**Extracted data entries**
======
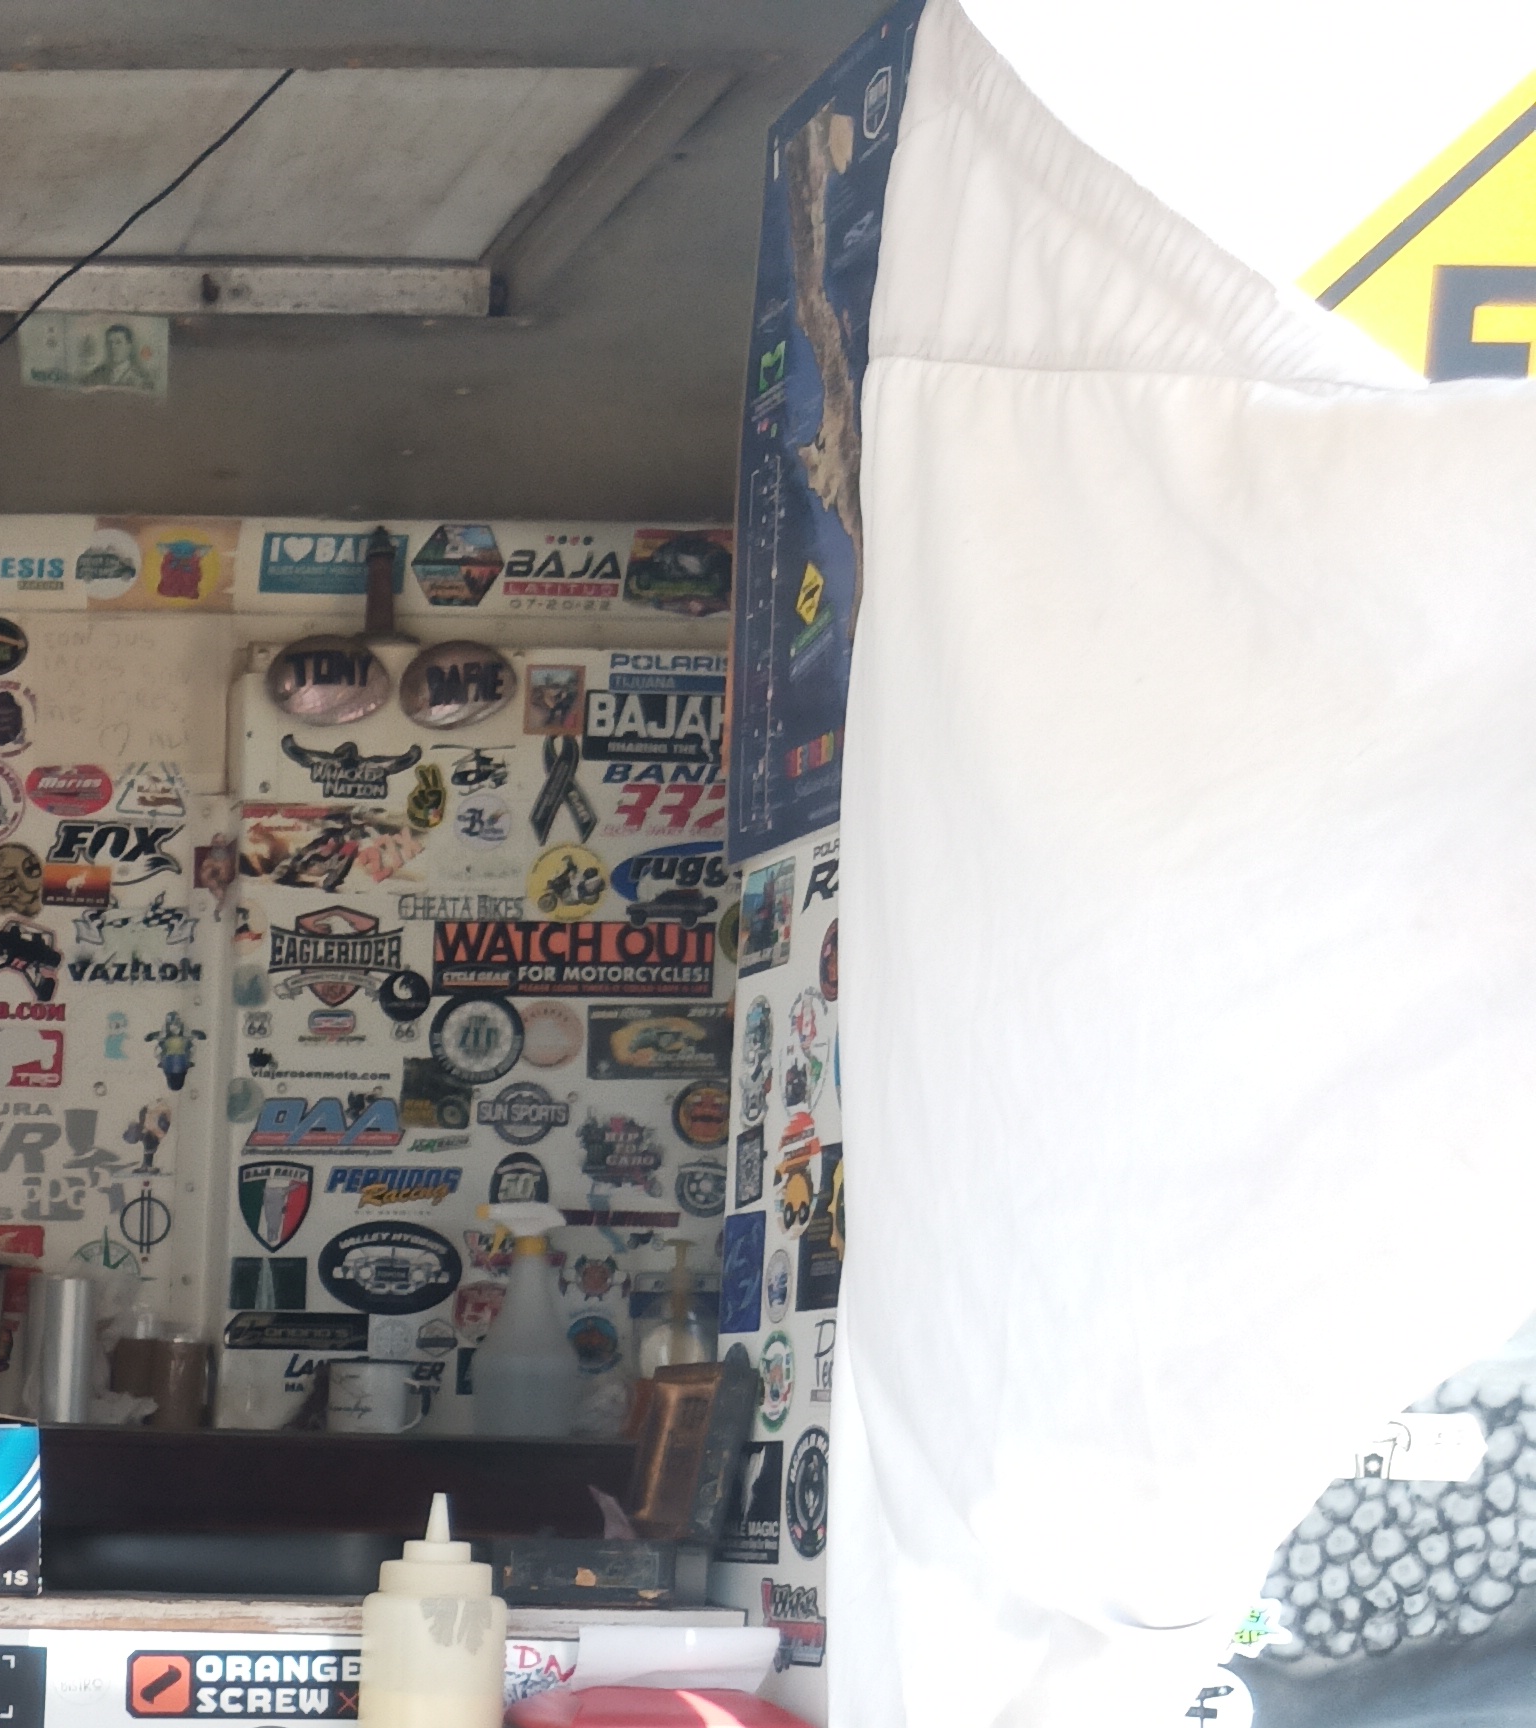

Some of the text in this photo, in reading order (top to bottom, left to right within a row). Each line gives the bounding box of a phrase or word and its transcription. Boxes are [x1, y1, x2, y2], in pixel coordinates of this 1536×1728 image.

[506, 549, 623, 580] BAJA
[613, 676, 677, 691] TIJUANA
[607, 740, 700, 756] SHARING THE
[323, 781, 388, 799] NATION
[46, 820, 184, 868] FOX
[269, 934, 404, 970] EAGLERIDER
[436, 922, 715, 965] WATCH OUT
[516, 964, 711, 984] FOR MOTORCYCLES!
[511, 1104, 569, 1124] SPORTS
[324, 1164, 464, 1194] PERDIDOS
[359, 1182, 452, 1210] Racing
[195, 1654, 362, 1683] ORANGE
[195, 1686, 329, 1715] SCREW
======
**WHAT IS NEEDED**
Print out the records in full and exactly, dropping every picture.

**WRITTEN REPLY**
Some of the text in this photo, in reading order (top to bottom, left to right within a row). Each line gives the bounding box of a phrase or word and its transcription. Boxes are [x1, y1, x2, y2], in pixel coordinates of this 1536×1728 image.

[506, 549, 623, 580] BAJA
[613, 676, 677, 691] TIJUANA
[607, 740, 700, 756] SHARING THE
[323, 781, 388, 799] NATION
[46, 820, 184, 868] FOX
[269, 934, 404, 970] EAGLERIDER
[436, 922, 715, 965] WATCH OUT
[516, 964, 711, 984] FOR MOTORCYCLES!
[511, 1104, 569, 1124] SPORTS
[324, 1164, 464, 1194] PERDIDOS
[359, 1182, 452, 1210] Racing
[195, 1654, 362, 1683] ORANGE
[195, 1686, 329, 1715] SCREW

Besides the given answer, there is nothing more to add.